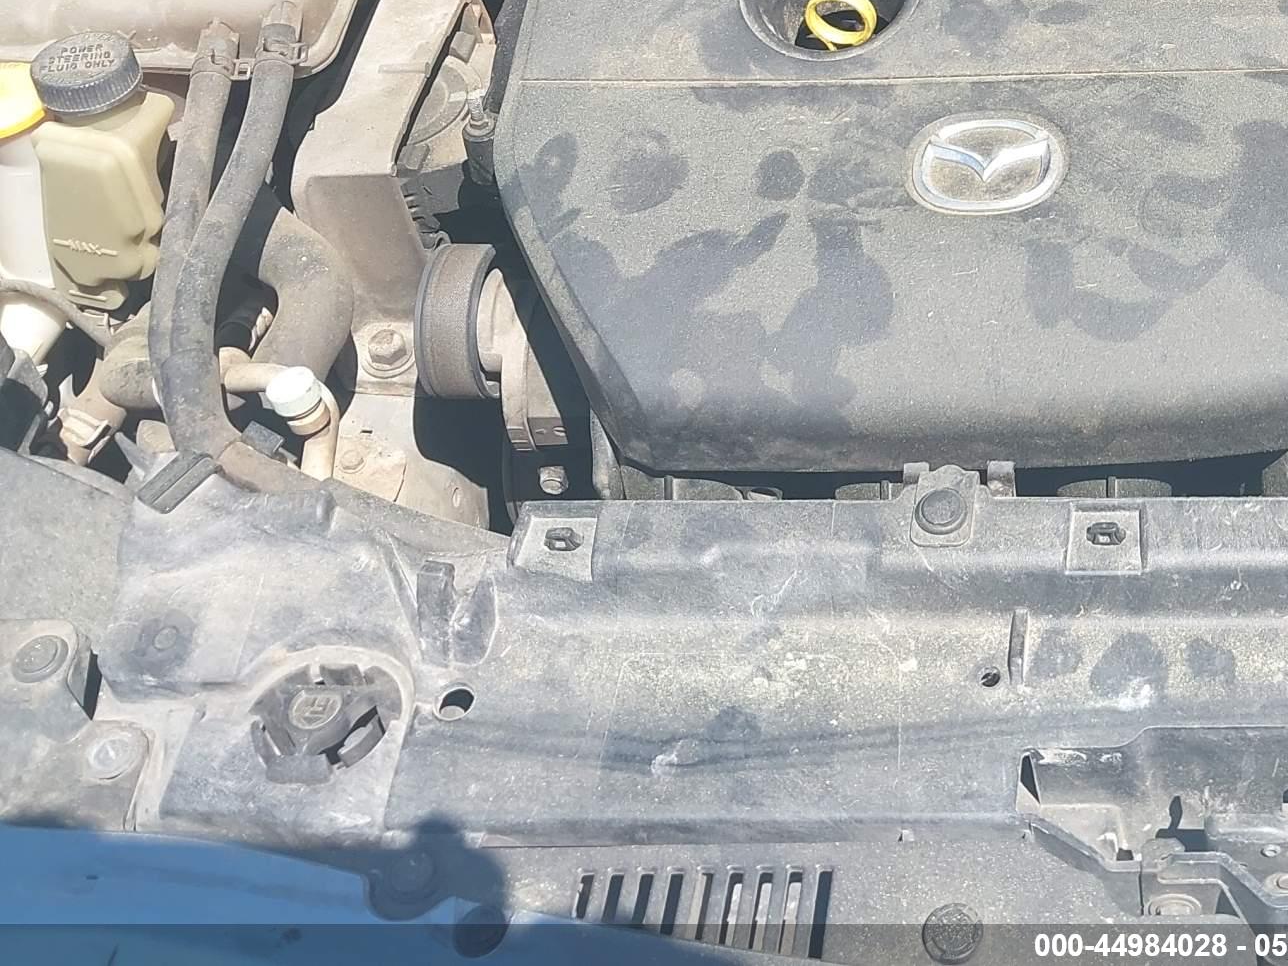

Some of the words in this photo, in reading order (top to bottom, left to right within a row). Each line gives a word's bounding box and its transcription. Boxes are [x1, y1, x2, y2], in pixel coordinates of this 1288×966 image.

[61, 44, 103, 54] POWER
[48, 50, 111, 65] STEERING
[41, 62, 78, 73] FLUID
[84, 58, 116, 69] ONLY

# ACTIVITY:
Repeat the data exactly as written, but without the pictures.

# YOUR SOLUTION:
Some of the words in this photo, in reading order (top to bottom, left to right within a row). Each line gives a word's bounding box and its transcription. Boxes are [x1, y1, x2, y2], in pixel coordinates of this 1288×966 image.

[61, 44, 103, 54] POWER
[48, 50, 111, 65] STEERING
[41, 62, 78, 73] FLUID
[84, 58, 116, 69] ONLY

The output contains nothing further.